WHISTLEBLOWING AND CORPORATE GOVERNANCE: STRENGTHENING ETHICAL COMPLIANCE

Yash Roy, Upasna Upadhyay, Kusha Mehta, Battimedi Mokshagna, N. Veera Syamala Devi

 

ABSTRACT

White-collar crimes, which range from insider trading and fraud to money laundering and cybercrime, cause significant financial and psychological harm to people, companies, and entire economies. Using laws like the Dodd-Frank Act and the Bribery Act, nations including the United States, the United Kingdom, and Singapore have created stringent legal structures to tackle these crimes. India continues to grapple with significant challenges related to enforcement, the protection of whistleblowers, and corporate accountability. In this context, could innovative technological solutions such as blockchain and artificial intelligence provide viable answers?

Consider the notorious Enron scandal, which serves as a quintessential example of corporate malfeasance. Executives engaged in the manipulation of financial records, concealing billions in liabilities while deceiving investors. The repercussions of this scandal resulted in one of the most substantial bankruptcies in history and spurred essential regulatory reforms, including the Sarbanes-Oxley Act, which was designed to improve financial transparency.

This paper intends to delve into the nature of white-collar crime, examining its ramifications and the associated corporate liability. By scrutinizing international legal frameworks and enforcement strategies, it aims to identify the strengths and weaknesses of current legislation and investigate potential reforms that could enhance accountability within the corporate sector.

 

Keywords: White collar crime, corporate liability, whistleblower, governance, fraud.

 

 

 

  1. INTRODUCTION

Sociologist Edwin Sutherland used the term “white collar crime” in 1939 to describe non-violent crimes carried out for financial gain by people in positions of authority and trust, usually in their workplaces. Instead than using physical force, this type of crime is defined by dishonesty, secrecy, and a breach of trust. White collar crimes can be subtle and impact a wide spectrum of victims, including people, companies, and governments, in contrast to blue-collar crimes, which are frequently violent and emotionally motivated.

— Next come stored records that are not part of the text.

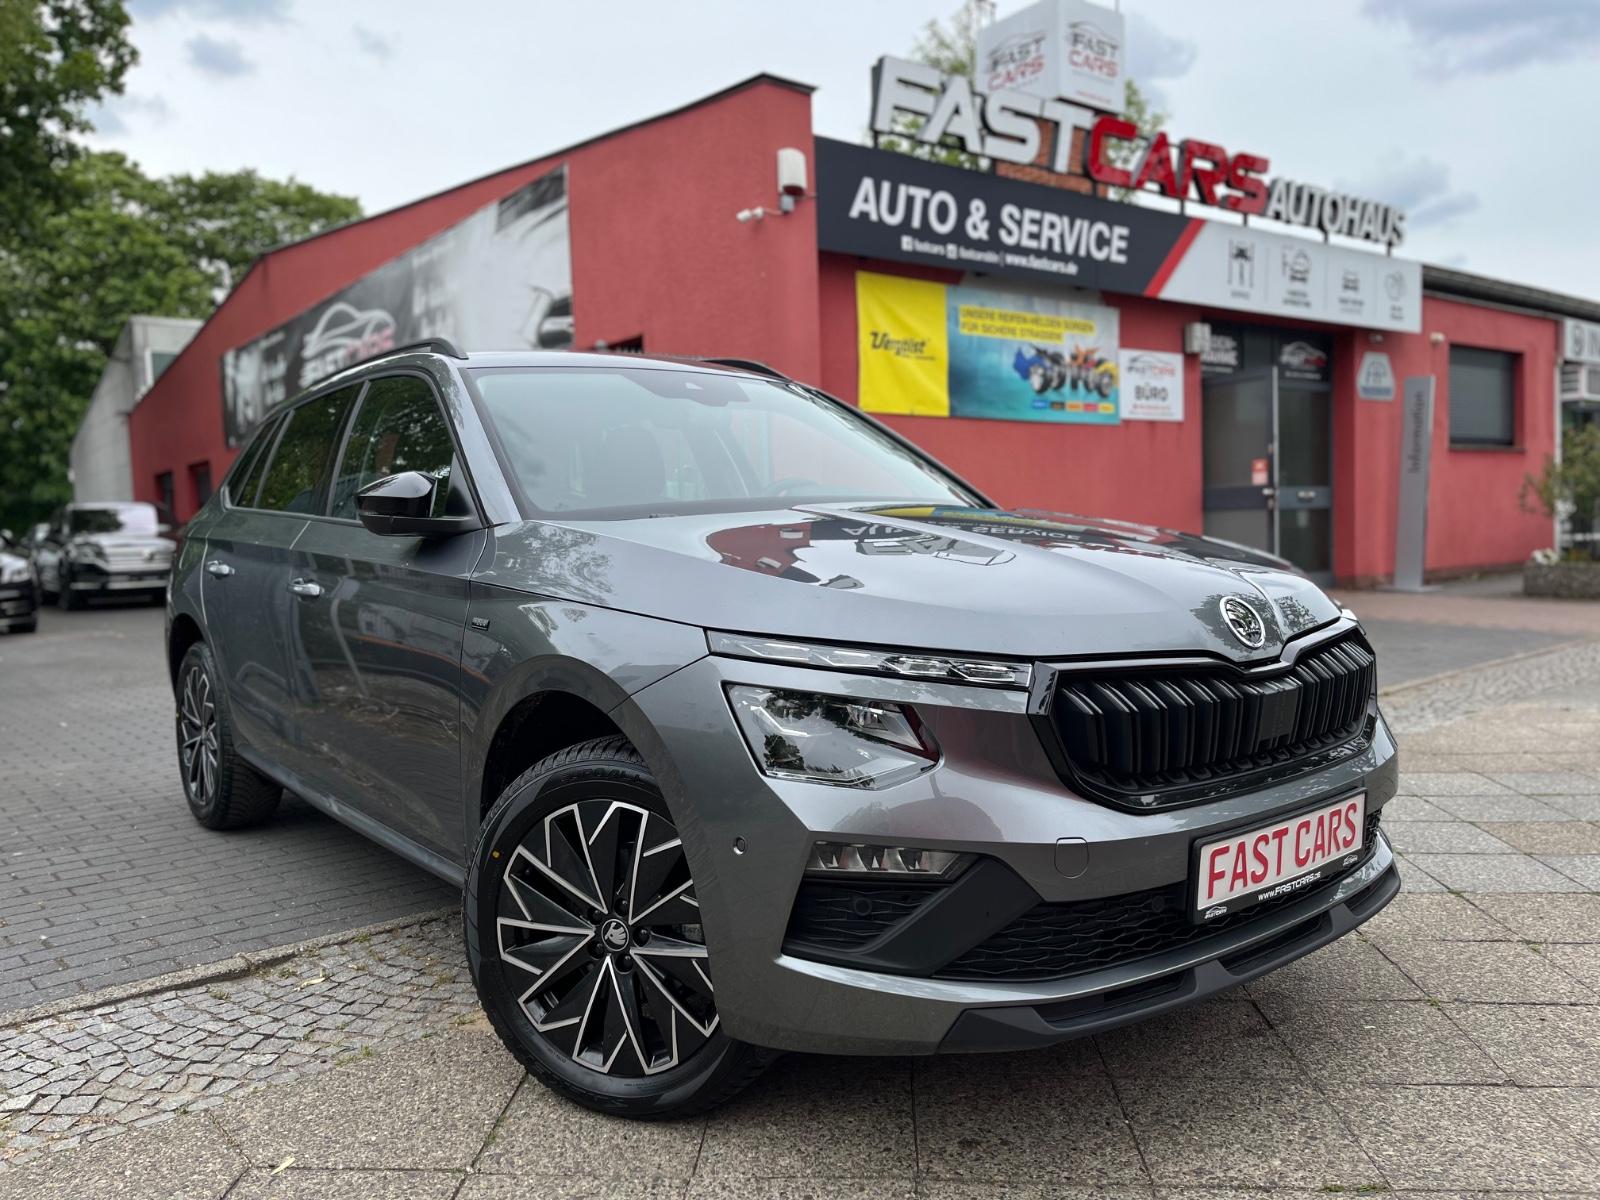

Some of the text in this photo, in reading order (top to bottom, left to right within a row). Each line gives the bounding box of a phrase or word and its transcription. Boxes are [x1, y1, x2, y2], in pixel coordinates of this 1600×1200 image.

[1068, 50, 1118, 79] CARS
[1072, 31, 1119, 58] FAST
[849, 176, 1130, 264] AUTO & SERVICE
[1266, 178, 1406, 246] AUTOHAUS
[1135, 381, 1168, 402] BÜRO
[1207, 802, 1357, 899] FAST CARS

Possibly the most significant recent development in criminology, especially since World War II, has been the emergence of the concept of “white-collar” crime as an area of scientific inquiry and theoretical speculation. It is true, of course, that this crime itself is not wholly new; robber barons have been exposed in the past, and muckrakers have long decried corruption and venality in high places. But the generalization of such phenomena and the incorporation of facts concerning illegal behavior of the higher classes into theories of crime causation is a product of recent effort[1].

A wide range of illegal behaviors, including fraud, embezzlement, insider trading, money laundering, and cybercrime, are included in the broad category of white collar crime. These crimes are frequently committed by those in positions of authority within businesses or government agencies, such as managers, executives, accountants, and public officials, who use their position to commit dishonest business activities for their own benefit. Legal and Sociological Opposition to the Concept of White-Collar Crime- The very narrowest legal conceptions of the criminal view him not only as a person who has engaged in acts or omissions forbidden by the penal law, but as a person convicted by due process. Hence, the unapprehended or undetected violator is not a criminal for either “practical” or “theoretical” purposes[2].

The non-violent nature of white collar crime is one of its distinguishing features.  White collar crimes are based on dishonesty and manipulation, as opposed to traditional crimes that include threats or physical harm to someone.  Because there is less violence, these crimes may seem less serious, but the repercussions can be disastrous.  Victims may experience severe financial losses, psychological anguish, and a decline in confidence in the organizations that are meant to safeguard them. The recent explosion of interest in white-collar illegality has not greatly changed matters. Scholars have concentrated on  corporate crime and given less attention to illicit occupational behavior[3].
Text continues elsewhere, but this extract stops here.